▶ What is required: Leaving every picture out, repeat all of the entries below exactly.

▶ Provided records:
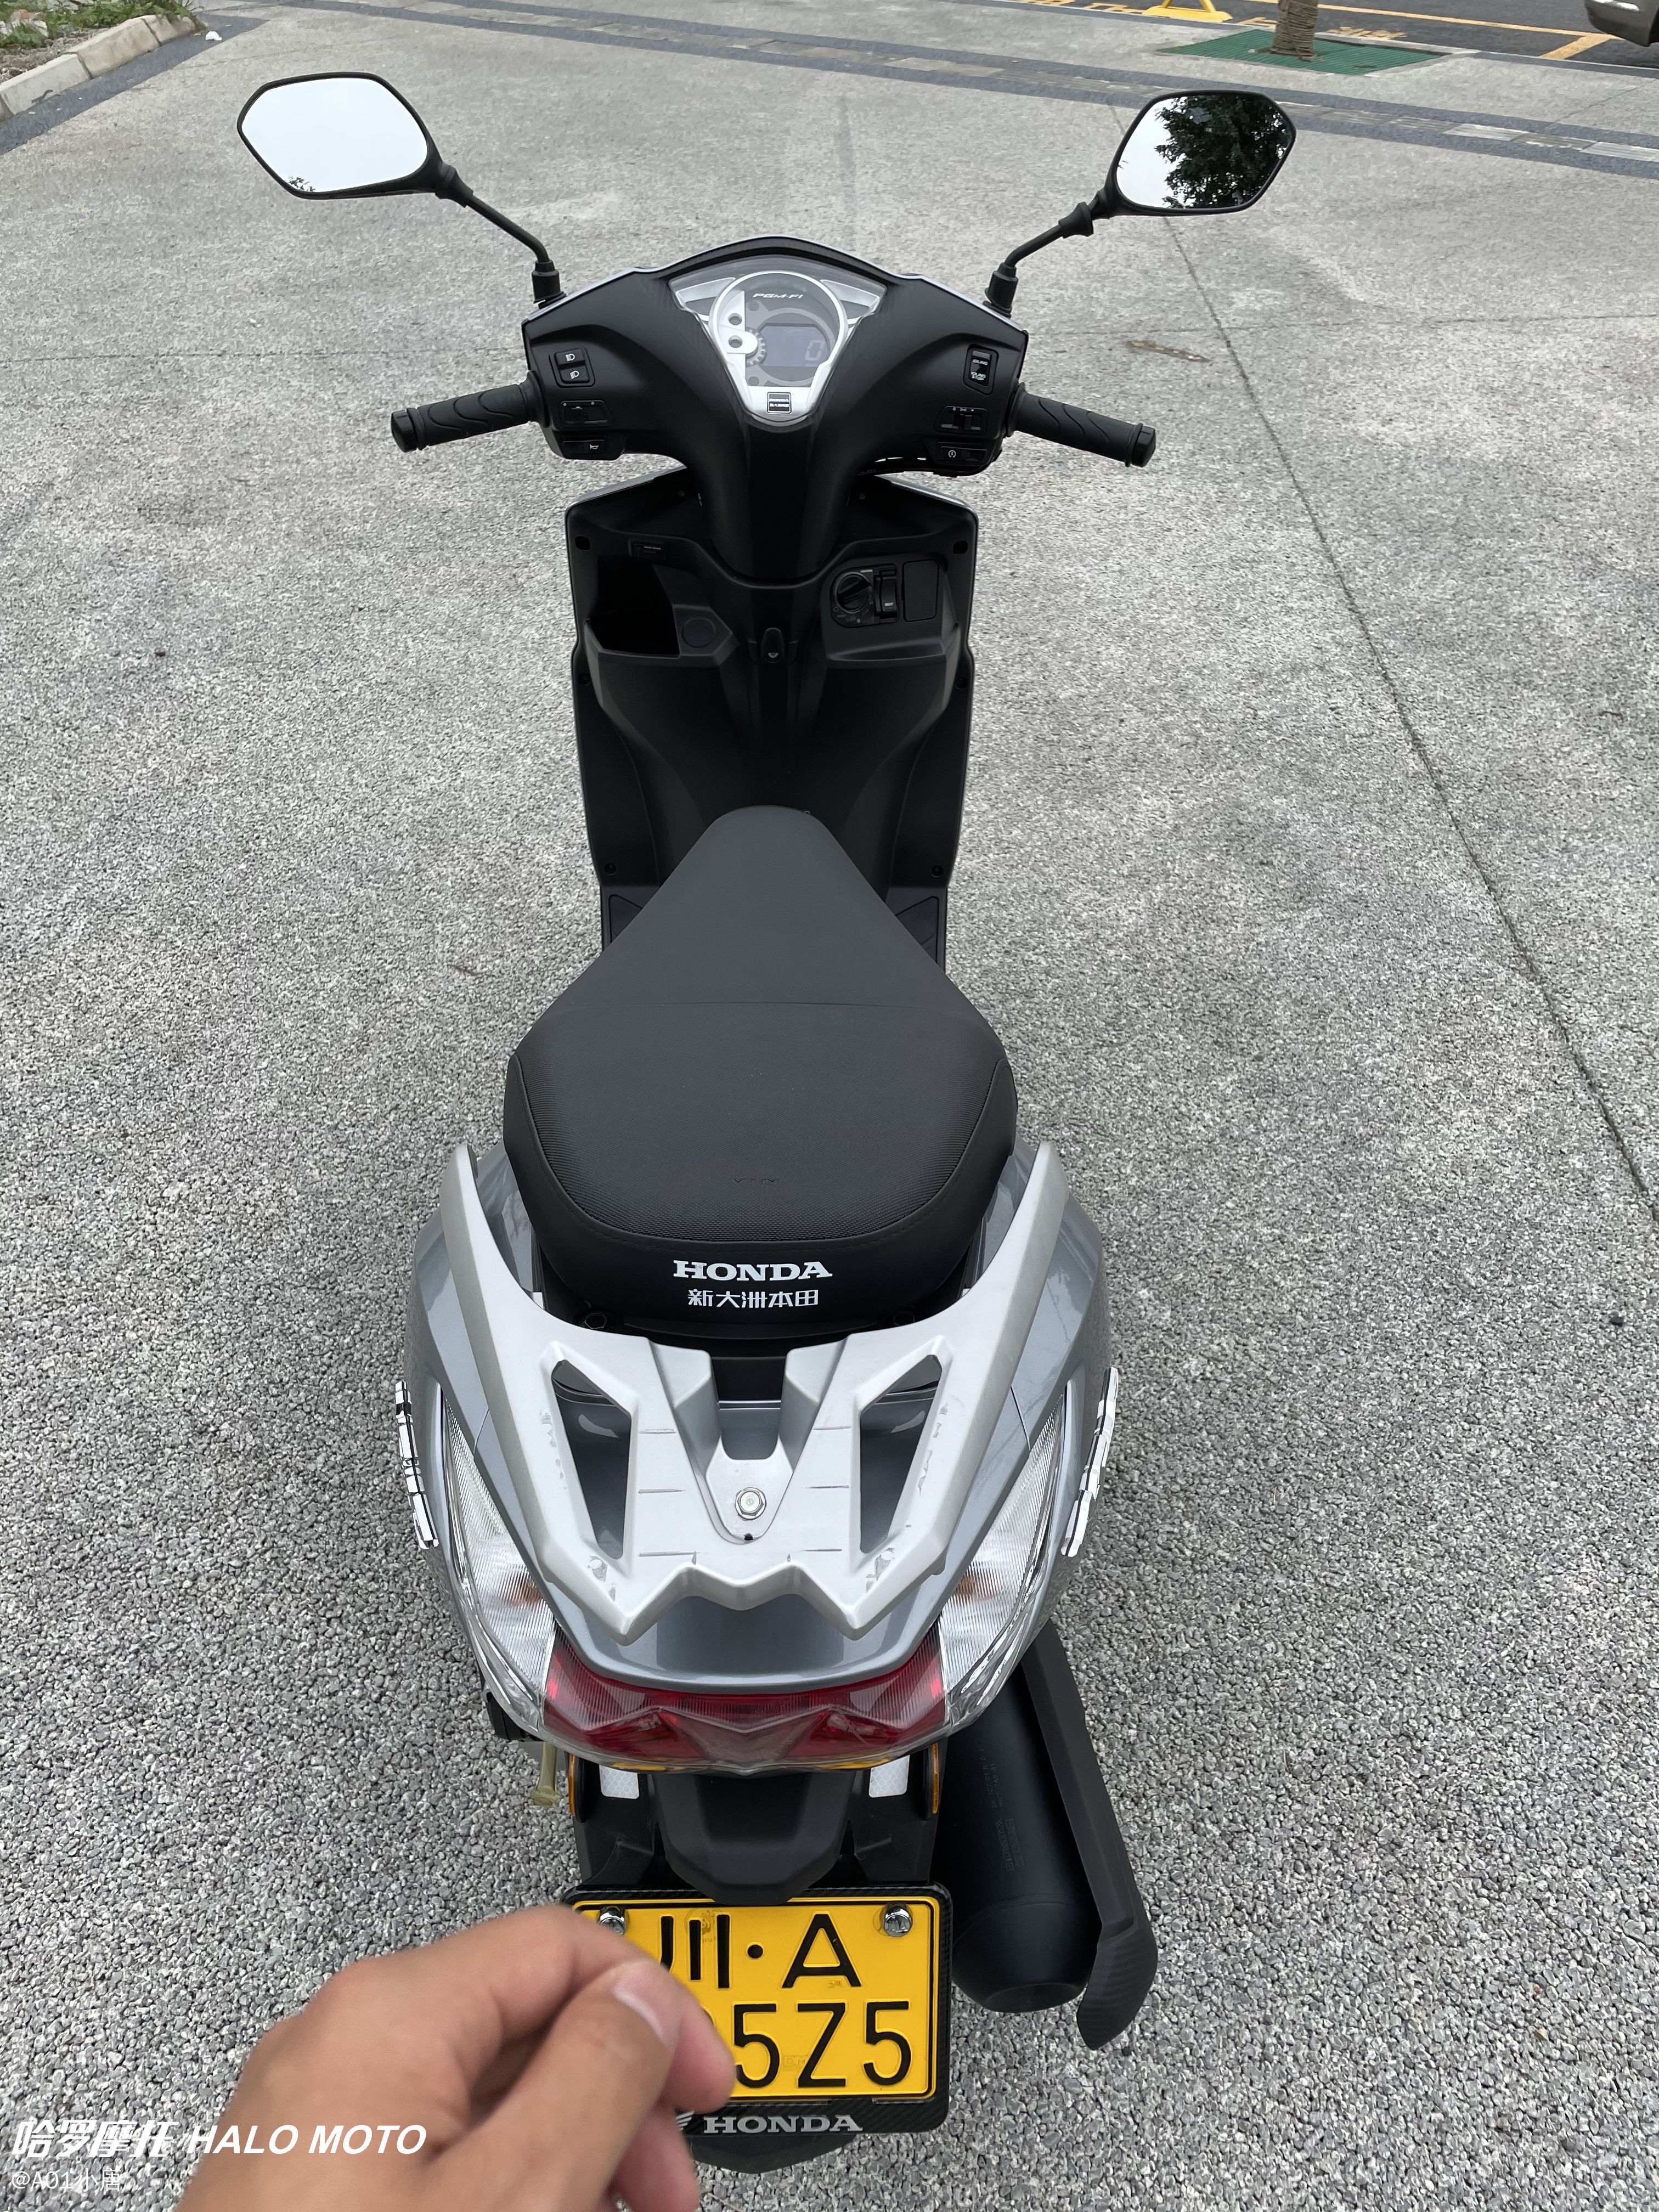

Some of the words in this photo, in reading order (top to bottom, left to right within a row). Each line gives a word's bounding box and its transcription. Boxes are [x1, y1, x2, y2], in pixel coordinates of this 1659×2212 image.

[805, 340, 825, 360] 0
[673, 1260, 833, 1280] HONDA
[687, 1289, 819, 1308] 新大洲本田
[701, 2001, 911, 2089] 5Z5
[704, 2115, 863, 2133] HONDA

▶ Response area:
Some of the words in this photo, in reading order (top to bottom, left to right within a row). Each line gives a word's bounding box and its transcription. Boxes are [x1, y1, x2, y2], in pixel coordinates of this 1659×2212 image.

[805, 340, 825, 360] 0
[673, 1260, 833, 1280] HONDA
[687, 1289, 819, 1308] 新大洲本田
[701, 2001, 911, 2089] 5Z5
[704, 2115, 863, 2133] HONDA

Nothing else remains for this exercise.